Under the suspicion of acute mesenteric ischemia we decided to
perform an exploratory laparotomy, finding small intestine ischemia,
with mesenteric pulse and peristalsis and no signs of intestinal
necrosis observed (Figure 3). Because of these findings, we decided
to close up the abdomen and perform a second look surgery 48 hours
later. In the meantime the terlipressin was suspended and she was
treated with IV fluids. During those 48 hours endoscopic banding of
varices was performed and treatment with a low molecular weight
heparin was initiated. Second look surgery was performed, observing
a complete remission of intestinal ischemia, she still presented
adecuate mesenteric pulse and peristalsis (Figure 4). No small bowel
resection was necessary.
Figure 1
Figure 2
Figure 3
Figure 4
Discussion
In this case report we present a new case of intestinal ischemia
associated with the use of terlipressin, which serves to prove that
although it is the initial drug of choice for variceal bleeding whenever
available, ischemic complications can still present. The most common
ones being skin complications [5] However complications in the
gastrointestinal system can prove to be fatal [4]. Whenever a patient
is treated with this medication close monitoring is necessary and
its use must be suspended immediately if the patient complains of
abdominal pain.
According to a study conducted between 2007 and 2008 which
included 122 patients with variceal bleeding the combination of
variceal banding in the first 12 hours and the use of terlipressin are the
best treatment with better hemodynamic stability, less transfusions
and no difference in mortality at 48 hours and 30 days [6].
References
- Carey EJ, Ali AH, Lindor KD. Primary biliary cirrhosis. Lancet. 2015; 386: 1565-1575.
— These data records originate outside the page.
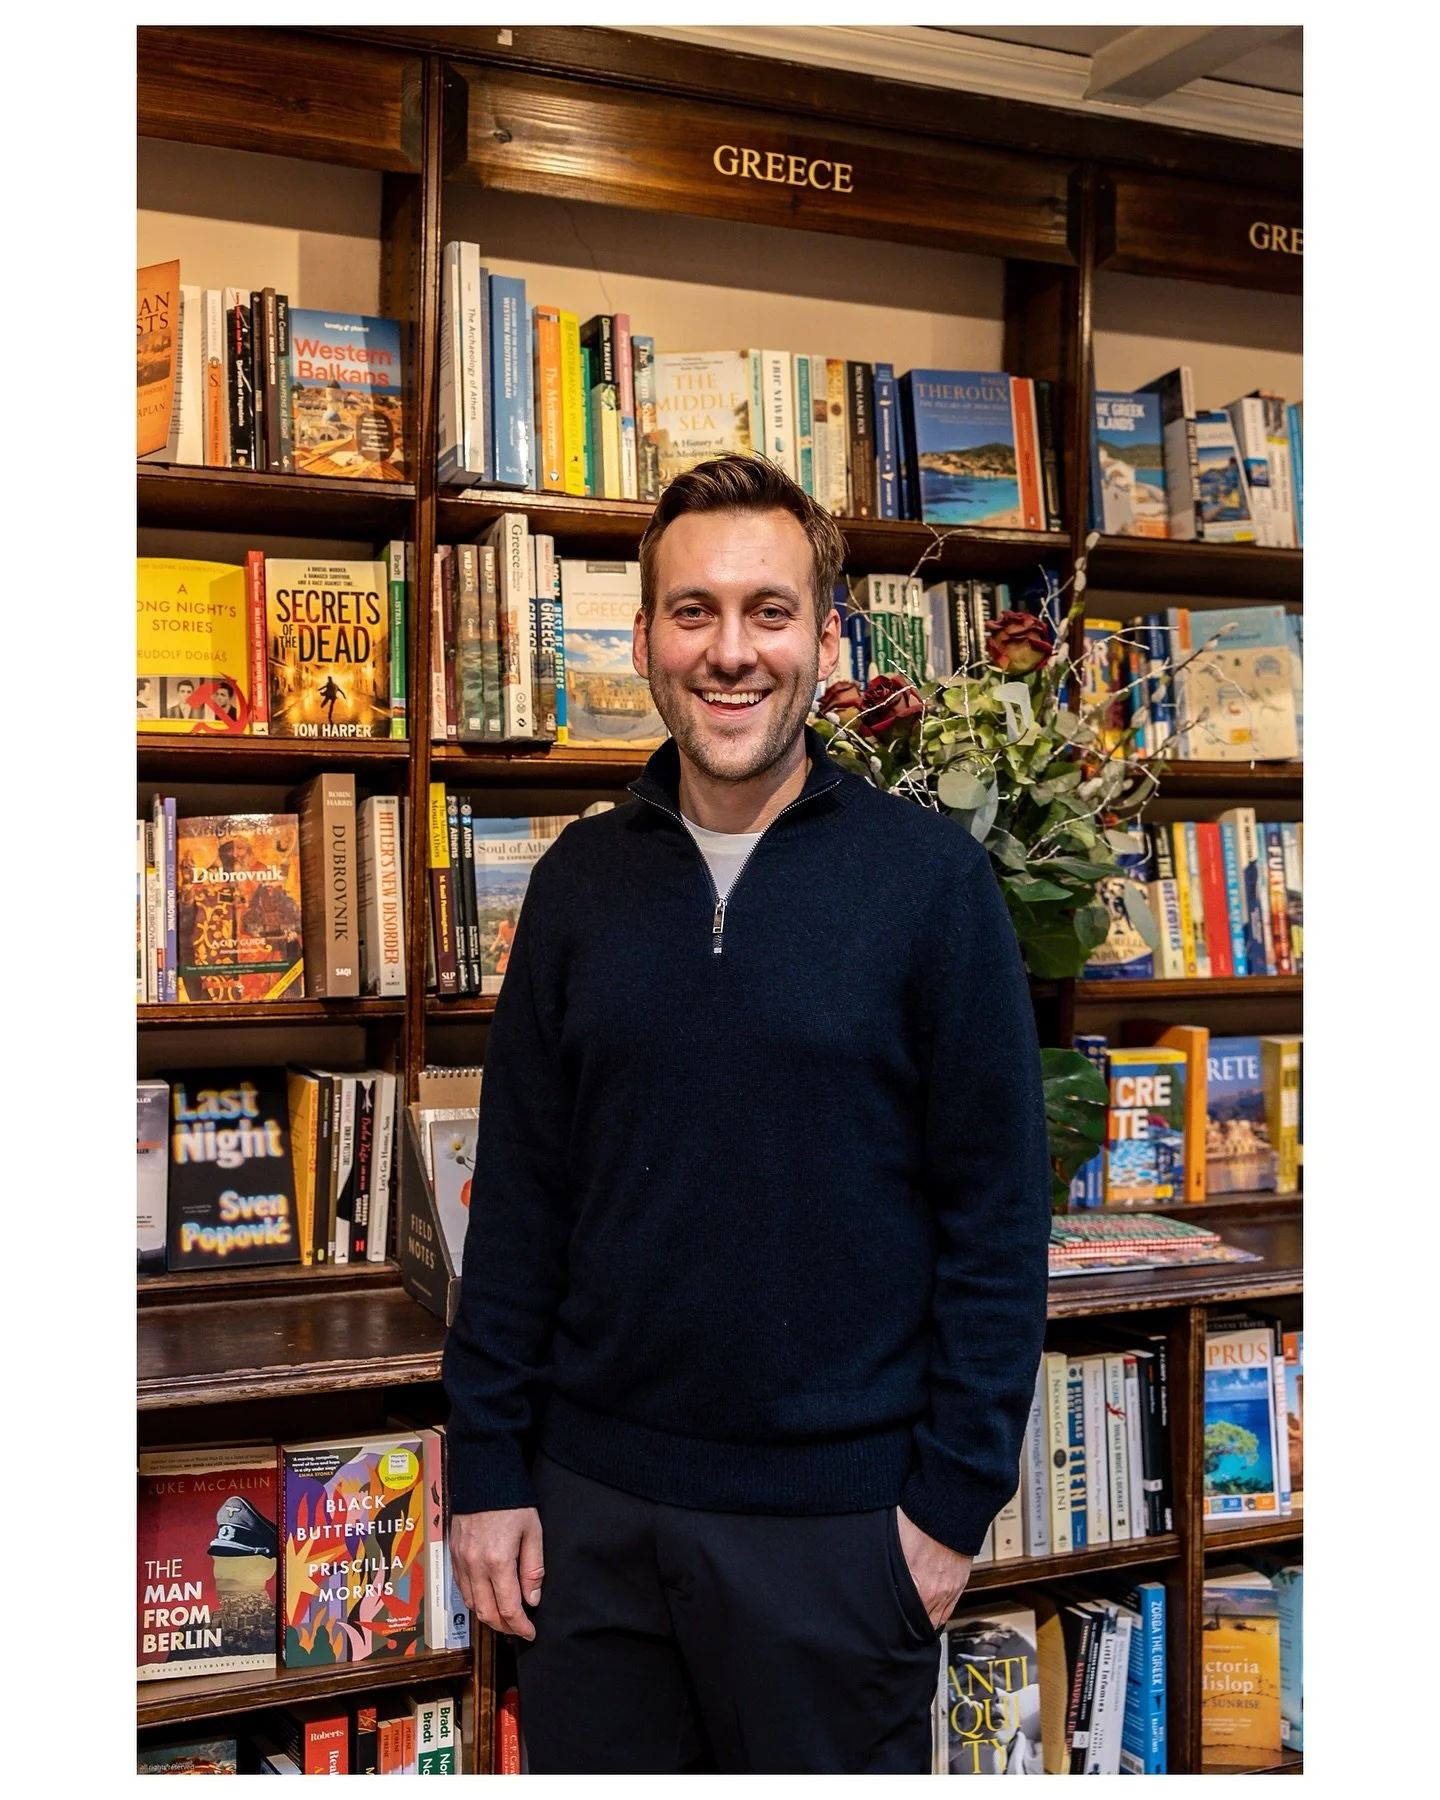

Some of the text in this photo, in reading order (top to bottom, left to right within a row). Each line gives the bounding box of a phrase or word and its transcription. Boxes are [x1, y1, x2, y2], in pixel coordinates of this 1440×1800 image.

[713, 144, 854, 193] GREECE
[1248, 221, 1303, 256] GRE
[278, 302, 287, 352] Peter Cameron
[293, 336, 392, 366] Western
[468, 308, 478, 421] The Archaeology of Athens
[604, 342, 612, 381] TRAVELER
[298, 360, 390, 388] Balkans
[504, 334, 512, 399] MEDITERRANEAN
[855, 366, 863, 393] ROBIN
[280, 379, 288, 408] HAPPENS
[638, 344, 652, 434] The Warm South
[673, 373, 717, 390] THE
[772, 360, 784, 428] ERIC NEWBY
[916, 383, 1008, 402] THEROUX
[546, 366, 558, 460] The Mediterranean
[656, 392, 740, 412] MIDDLE
[679, 414, 716, 432] SEA
[673, 437, 724, 448] A History of
[512, 524, 523, 568] Greece
[177, 583, 188, 595] A
[137, 600, 237, 618] ONG NIGHT'S
[276, 588, 381, 625] SECRETS
[554, 606, 562, 631] BEST
[576, 601, 638, 617] GREECE
[152, 619, 213, 634] STORIES
[282, 624, 294, 636] OF
[540, 602, 555, 656] GREECE
[137, 647, 228, 663] RUDOLF DOBIÁS
[279, 635, 298, 650] THE
[298, 624, 371, 664] DEAD
[556, 652, 564, 689] GREECE
[293, 722, 372, 738] TOM HARPER
[378, 812, 396, 868] HITLER'S
[450, 826, 458, 858] Athens
[464, 826, 472, 858] Athens
[478, 842, 547, 854] Soul of Ath
[191, 864, 284, 884] Dubrovnik
[1158, 857, 1174, 879] THE
[1224, 826, 1242, 934] MICHAEL FRAYN
[332, 825, 348, 942] DUBROVNIK
[382, 870, 398, 897] NEW
[1162, 882, 1181, 952] DESTROYERS
[211, 938, 266, 948] A CITY GUIDE
[382, 902, 400, 965] DISORDER
[336, 968, 352, 976] SAQI
[1208, 1055, 1259, 1082] RETE
[173, 1080, 259, 1120] Last
[1115, 1075, 1172, 1108] CRE
[1114, 1108, 1150, 1141] TE
[173, 1118, 285, 1169] Night
[381, 1133, 389, 1158] Home,
[381, 1160, 388, 1172] Go
[379, 1174, 387, 1192] Let's
[218, 1190, 289, 1222] Sven
[181, 1215, 292, 1257] Popović
[411, 1214, 432, 1242] FIELD
[408, 1236, 435, 1270] NOTES
[1208, 1342, 1268, 1366] PRUS
[1052, 1378, 1064, 1444] NICHOLAS GAGE
[1074, 1386, 1084, 1440] NICHOLAS
[1032, 1427, 1041, 1470] Struggle
[193, 1476, 270, 1492] McCALLIN
[384, 1474, 414, 1482] Shortlisted
[1069, 1444, 1088, 1512] ELENI
[326, 1494, 386, 1514] BLACK
[1057, 1474, 1066, 1512] ELENI
[296, 1517, 416, 1542] BUTTERFLIES
[145, 1558, 183, 1580] THE
[309, 1556, 404, 1577] PRISCILLA
[144, 1581, 202, 1604] MAN
[318, 1582, 394, 1603] MORRIS
[144, 1604, 211, 1629] FROM
[143, 1628, 222, 1654] BERLIN
[1151, 1600, 1163, 1686] ZORBA THE GREEK
[188, 1662, 235, 1670] REINHARDT
[948, 1655, 1028, 1698] ANTI
[1098, 1638, 1113, 1713] Little Infamies
[1206, 1658, 1260, 1674] ctoria
[951, 1694, 1022, 1740] QUI
[1212, 1700, 1260, 1710] SUNRISE
[310, 1729, 344, 1742] Roberts
[423, 1711, 434, 1744] Bradt
[440, 1706, 450, 1738] Bradt
[510, 1735, 518, 1744] C.
[510, 1746, 517, 1754] P.
[328, 1750, 340, 1774] Real
[423, 1758, 433, 1774] No
[440, 1753, 450, 1774] Nor
[962, 1738, 1008, 1774] TY
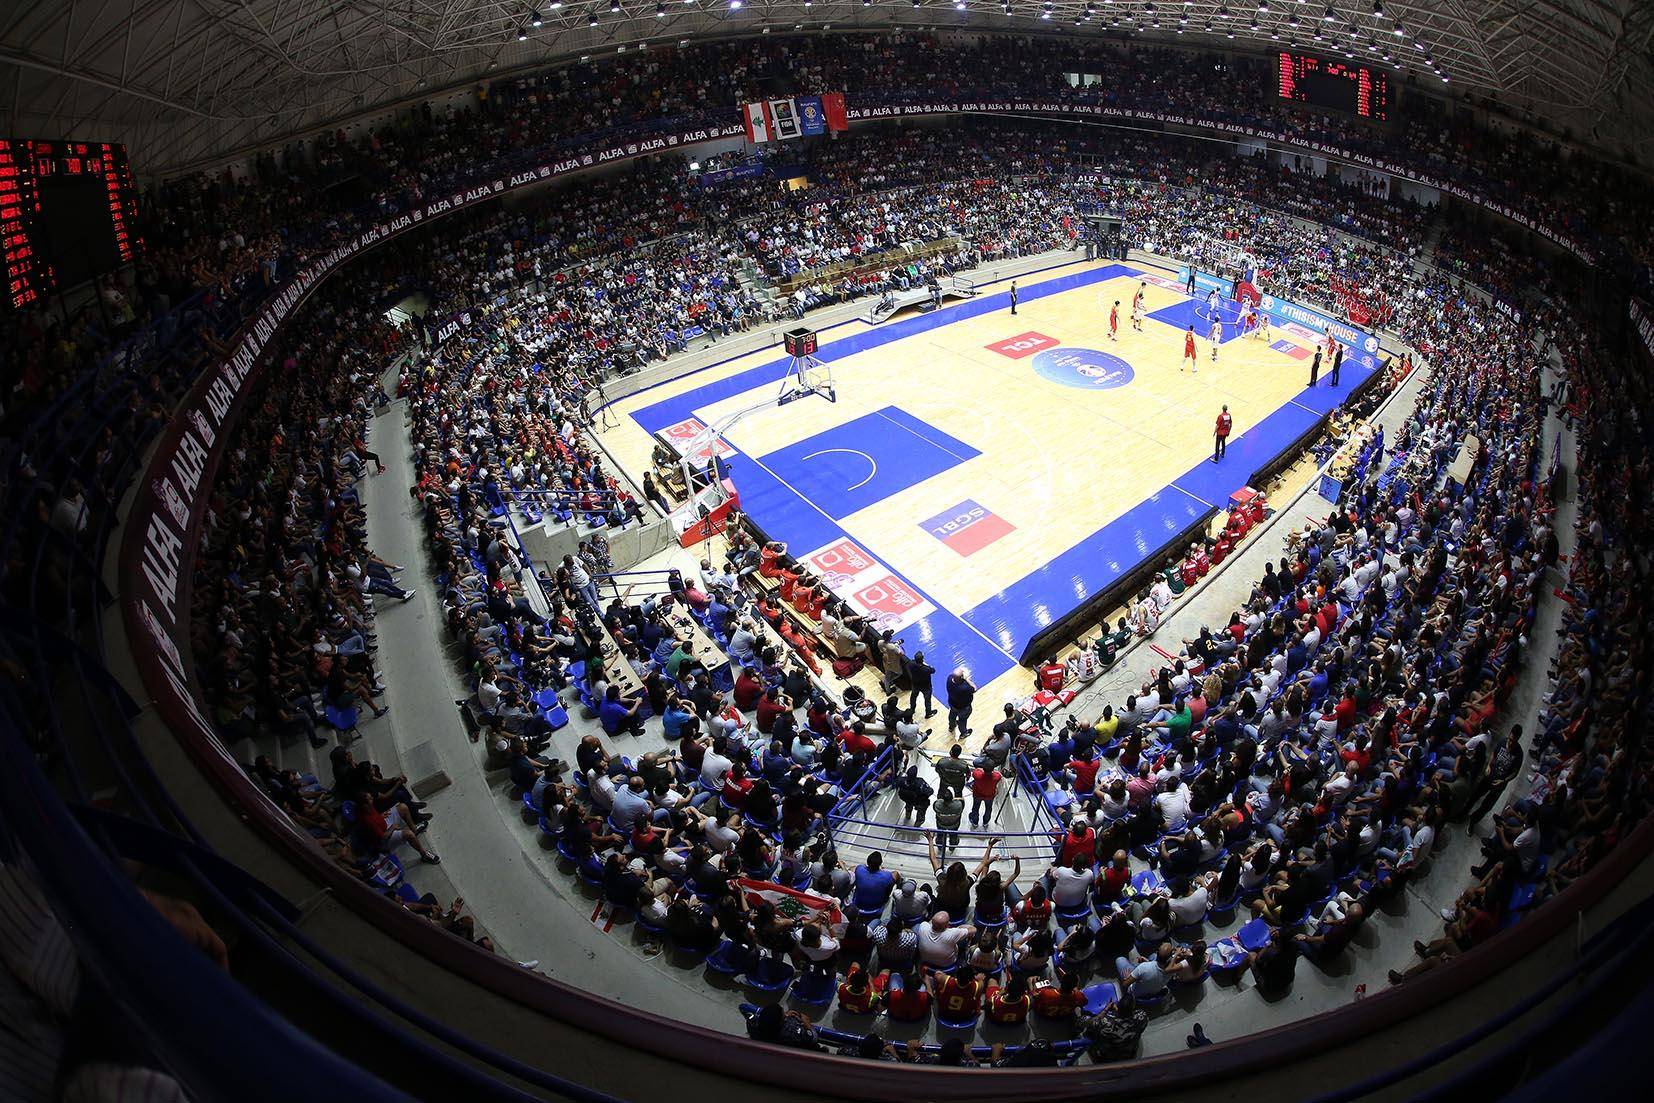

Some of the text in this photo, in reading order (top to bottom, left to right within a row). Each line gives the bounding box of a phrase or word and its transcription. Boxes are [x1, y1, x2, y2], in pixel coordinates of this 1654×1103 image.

[1495, 300, 1512, 316] ALFA
[438, 320, 460, 344] ALFA
[1281, 305, 1358, 343] #THISISMYHOUSE
[801, 334, 816, 342] 7:00
[804, 342, 814, 354] 13
[142, 513, 182, 624] ALFA
[171, 430, 208, 503] ALFA
[205, 376, 234, 426] ALFA
[362, 230, 380, 247] ALFA
[391, 216, 412, 232] ALFA
[428, 200, 450, 216] ALFA
[466, 186, 492, 202] ALFA
[510, 171, 537, 188] ALFA
[554, 159, 580, 174] ALFA
[599, 148, 624, 162] ALFA
[640, 138, 665, 152] ALFA
[684, 130, 708, 143] ALFA
[722, 124, 744, 136] ALFA
[846, 110, 861, 119] LFA
[872, 107, 892, 116] ALFA
[904, 105, 923, 114] ALFA
[962, 103, 978, 112] ALFA
[1014, 103, 1031, 112] ALFA
[1042, 104, 1060, 112] ALFA
[1073, 106, 1092, 114] ALFA
[1104, 108, 1122, 116] ALFA
[1136, 111, 1155, 120] ALFA
[1166, 115, 1184, 124] ALFA
[1197, 120, 1215, 128] ALFA
[1226, 124, 1244, 134] ALFA
[1256, 130, 1276, 140] ALFA
[1290, 138, 1310, 148] ALFA
[1321, 144, 1340, 156] ALFA
[1354, 154, 1374, 166] ALFA
[1451, 186, 1471, 200] ALFA
[1484, 200, 1502, 214] ALFA
[1512, 212, 1529, 228] ALFA
[932, 507, 985, 536] SGBL
[948, 996, 964, 1012] 9
- Bhutta AQ, Garcia-Tsao G. The Role of Medical Therapy for Variceal Bleeding. Gastrointest Endosc Clin N Am. 2015; 25: 479-490.
- Döhler KD, Meyer M. Vasopressin analogues in the treatment of hepatorenal syndrome and gastrointestinal haemorrhage. Best Pract Res Clin Anaesthesiol. 2008; 22: 335-350.
- Kim HR, Lee YS, Yim HJ, Lee HJ, Ryu JY, Lee HJ, et al. Severe ischemic bowel necrosis caused by terlipressin during treatment of hepatorenal syndrome. Clin Mol Hepatol. 2013; 19: 417-420.
- Krag A, Borup T, Møller S, Bendtsen F. Efficacy and safety of terlipressin in cirrhotic patients with variceal bleeding or hepatorenal syndrome. Adv Ther. 2008; 25: 1105-1140.
- López-Martínez S, Moreno-Portillo M, González-Angulo A, BeristainHernández JL, Fernández-Castro E, Romero-Loera LS, et al. Combined endoscopic variceal banding with Terlipressin in acute variceal bleeding. Endoscopia. 2010; 22: 178–184.